When asked how much hemp used to grow in this region one farmer responded by saying,
“Do you see these rice fields?” pointing to the vast checkerboard of rice fields we’d been cutting and bundling, “before the war, we didn’t grow rice here, we grew hemp.”
– Poli Kondo (local farmer in Miasa-mura, Japan)
Miasa-mura, Japan
Japan’s Beautiful Hemp Village
Right outside Nagano, Japan lies a picture perfect little village with thousands of years worth of history right under foot. The roots of the town are made of Hemp…
This Japanese town is named Miasa-Mura, which literally translates to the “Beautiful Hemp Village”…
Haotoshi: Stripping the leaves with a sickle (Miasa Mura, 1944)
For at least 2000 years the people of Miasa-mura have farmed hemp. So skilled at this cultivation, the hemp from Maisa-mura was highly sought after and was called ‘yamanaka asa’ (Hemp from the Mountains) prized for its high quality…

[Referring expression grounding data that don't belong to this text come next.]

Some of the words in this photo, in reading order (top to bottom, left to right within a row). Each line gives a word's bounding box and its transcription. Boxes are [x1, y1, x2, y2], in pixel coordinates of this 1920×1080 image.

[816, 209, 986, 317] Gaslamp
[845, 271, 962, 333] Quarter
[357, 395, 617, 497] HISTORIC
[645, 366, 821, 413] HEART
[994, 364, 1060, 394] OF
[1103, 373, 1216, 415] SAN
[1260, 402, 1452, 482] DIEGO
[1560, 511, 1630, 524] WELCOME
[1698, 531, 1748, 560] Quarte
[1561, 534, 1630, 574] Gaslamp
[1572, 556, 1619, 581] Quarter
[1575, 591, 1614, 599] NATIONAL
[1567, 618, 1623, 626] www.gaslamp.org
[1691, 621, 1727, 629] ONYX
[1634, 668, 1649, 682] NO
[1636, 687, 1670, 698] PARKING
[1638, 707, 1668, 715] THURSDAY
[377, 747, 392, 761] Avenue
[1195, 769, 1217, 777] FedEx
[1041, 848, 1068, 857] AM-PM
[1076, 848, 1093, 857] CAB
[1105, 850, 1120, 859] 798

Asakogi: pulling up by the roots , Hemp harvest (Miasa Mura, 1944)
In 1948, right after WWII when Japan was not a sovereign country but still under American occupation, the United States passed a oppressive new law…
Taima Torishimari Hô (the Cannabis Control Act)

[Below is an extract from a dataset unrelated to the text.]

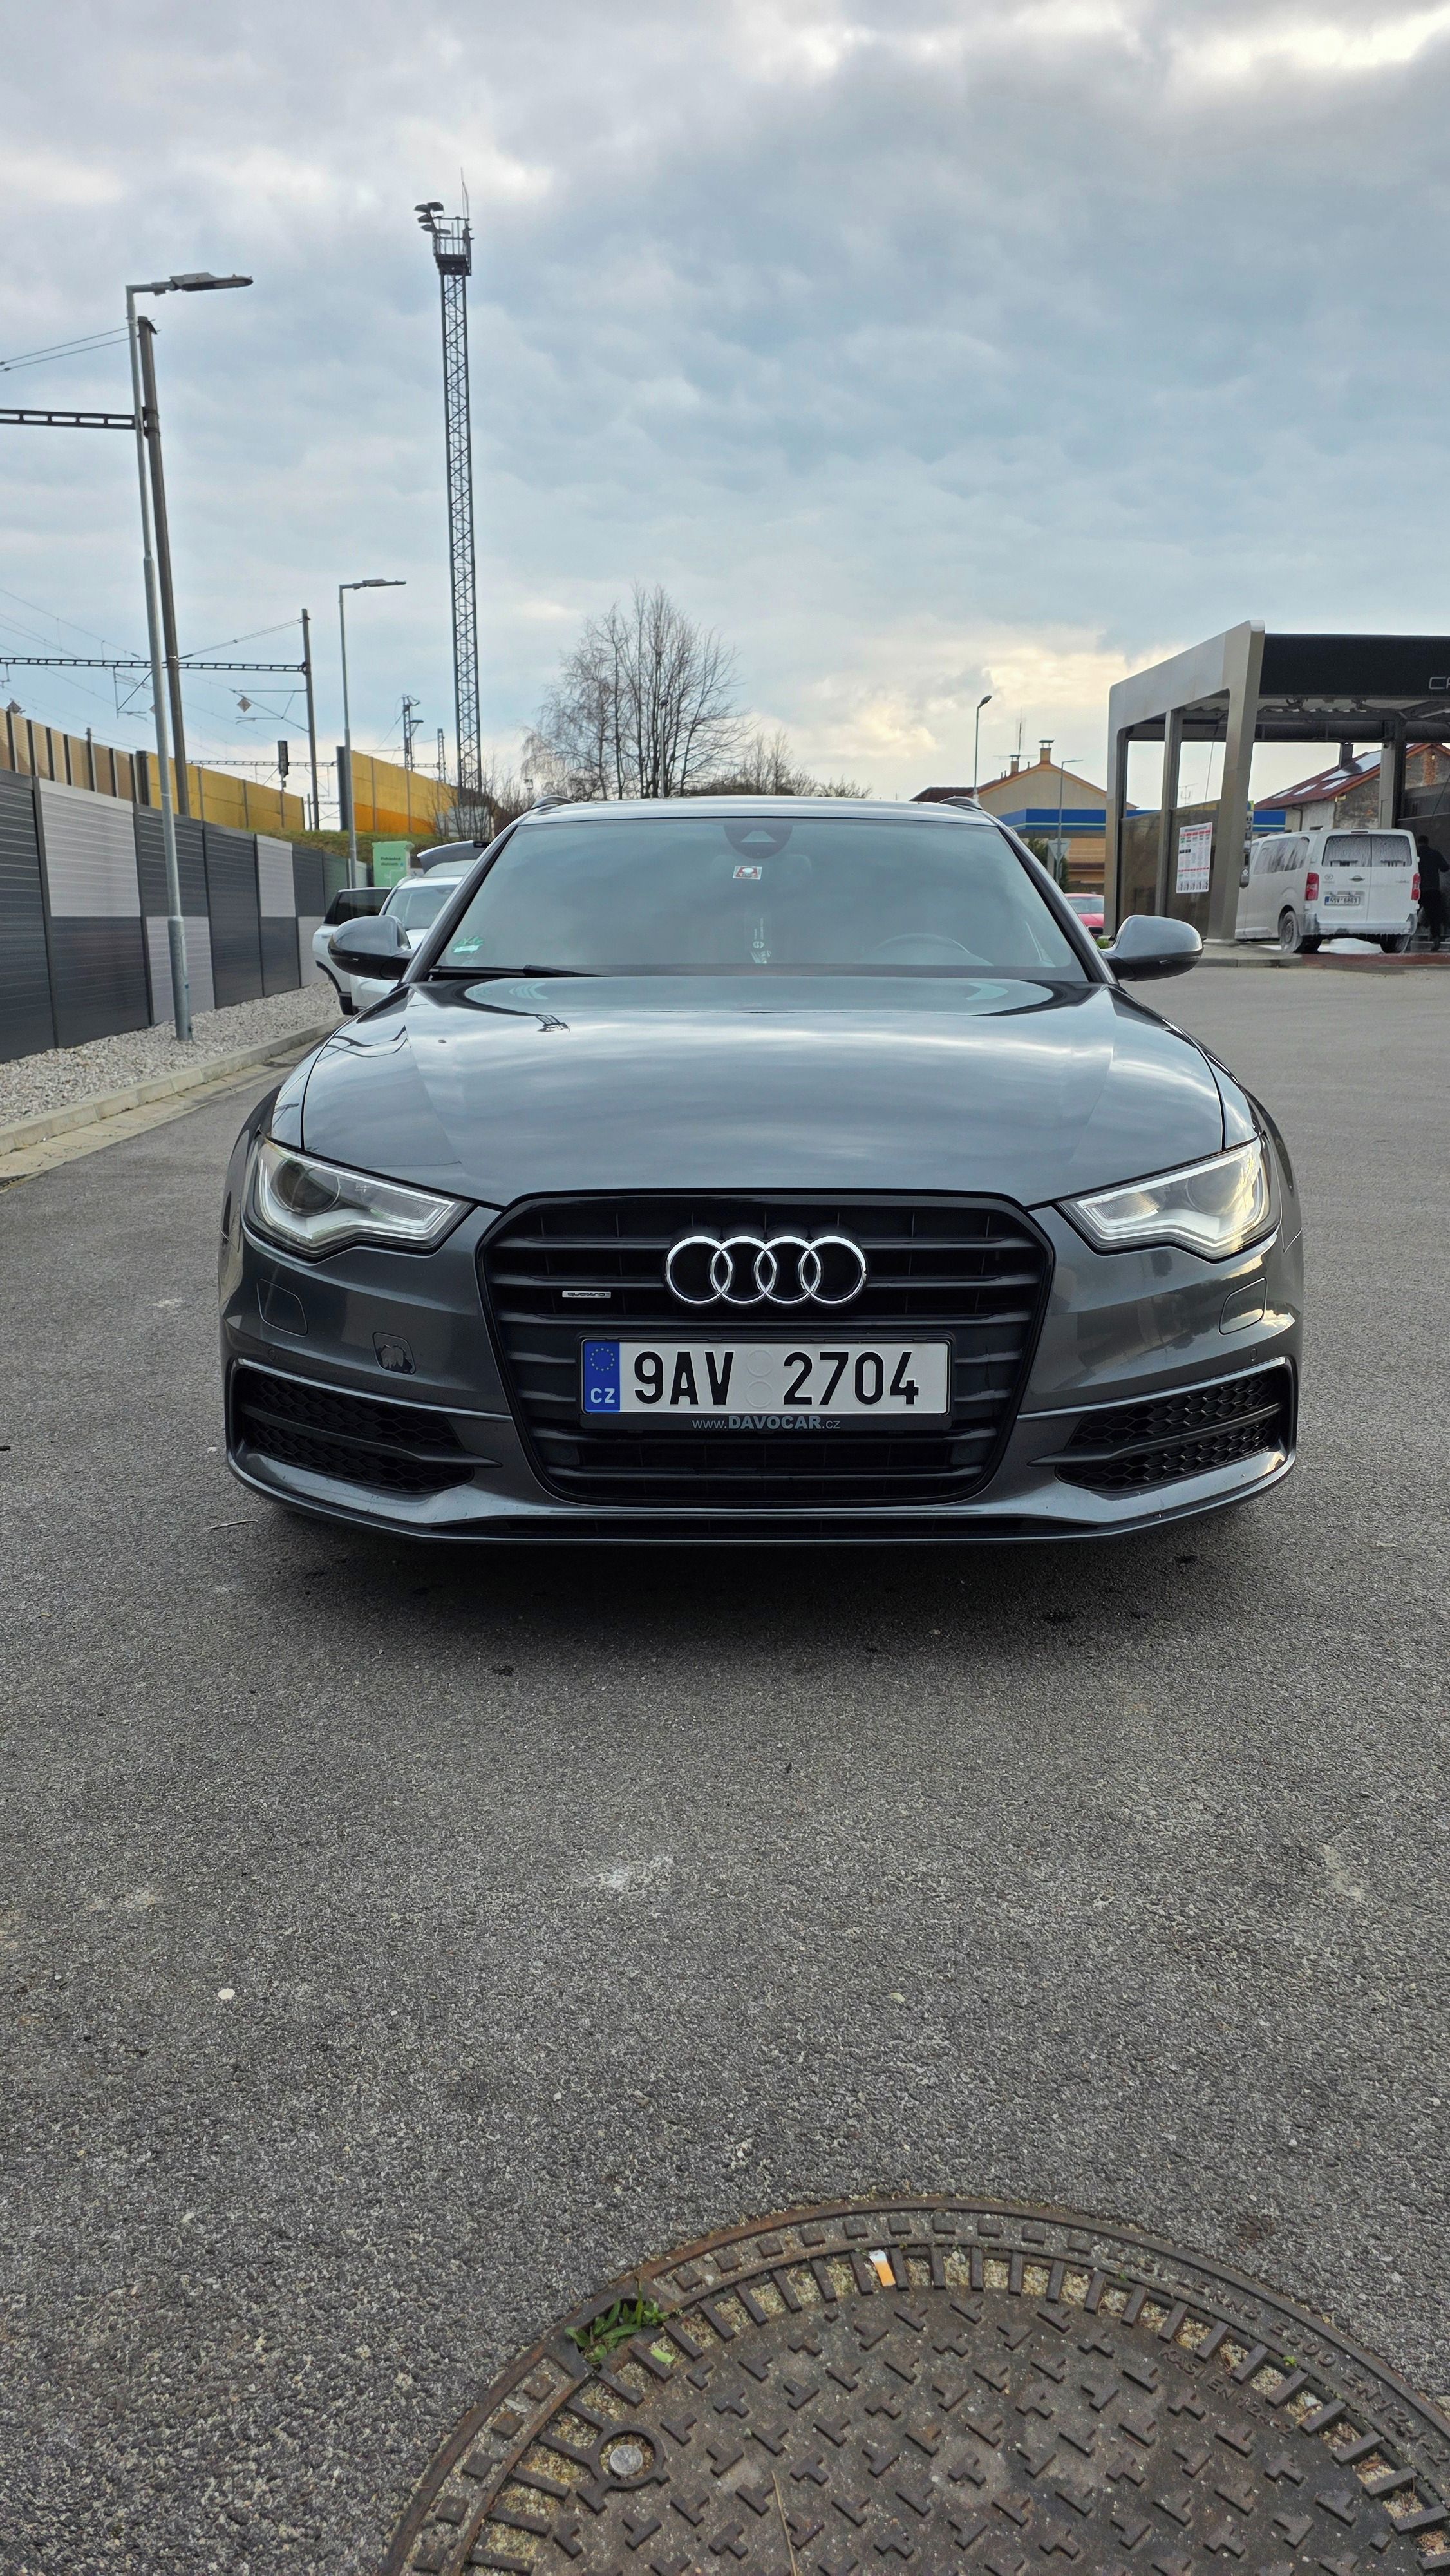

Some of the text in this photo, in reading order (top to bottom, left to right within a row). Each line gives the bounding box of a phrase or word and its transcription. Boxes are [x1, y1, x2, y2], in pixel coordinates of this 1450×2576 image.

Hoshikaeshi: After yorihoshi put the stems in the fields for 3-4 more days, then store them in barn until December (Miasa Mura, 1944)

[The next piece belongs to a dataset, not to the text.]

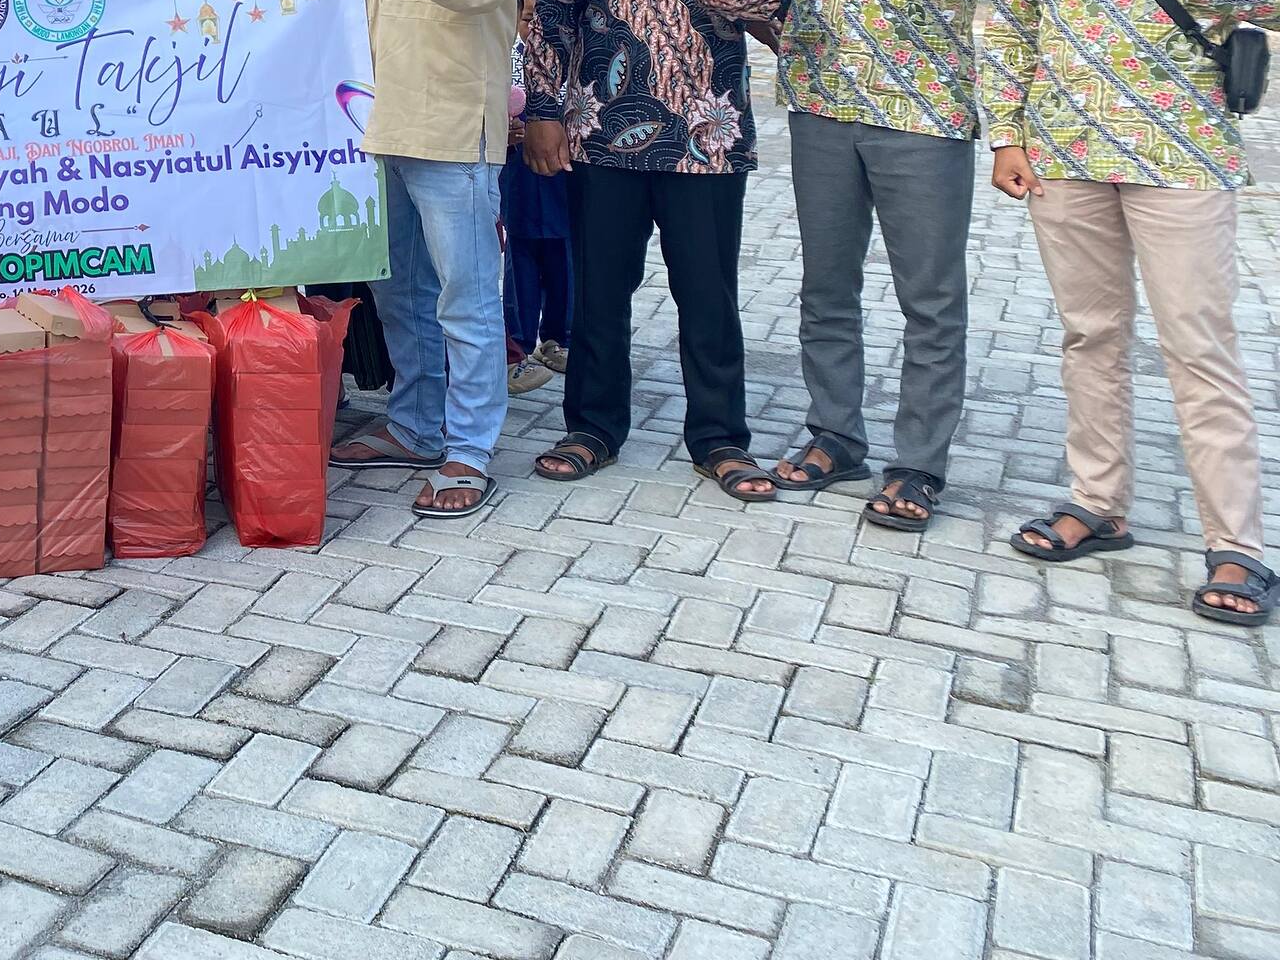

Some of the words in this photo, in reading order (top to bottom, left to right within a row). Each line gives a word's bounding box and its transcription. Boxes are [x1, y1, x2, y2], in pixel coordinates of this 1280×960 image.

Under this new law imposed by a occupying force, Cannabis became illegal in Japan…
Asakaki: peeling bark off the stalks (Miasa Mura, 1944)
Hemp producing villages were forced to abandon thousands of years of hemp history and culture, now forced to producing ‘legal’ crops like rice to survive…
Hemp fibre ready for shipment (Miasa Mura, 1944)
“A clear estimate of how well these strains grew in their native soils under the care of talented Japanese gardeners is difficult to arrive at. Due to this, any definitive research on Japan’s crop volume was destroyed in WW2 fire storms along with most government records.”
– The Atomic Bomb Museum
Miasa-mura, Japan
Under this foreign in forced law banning hemp, the Japanese hemp villages came together to preserve their culture and hemp varieties dating back thousands of years…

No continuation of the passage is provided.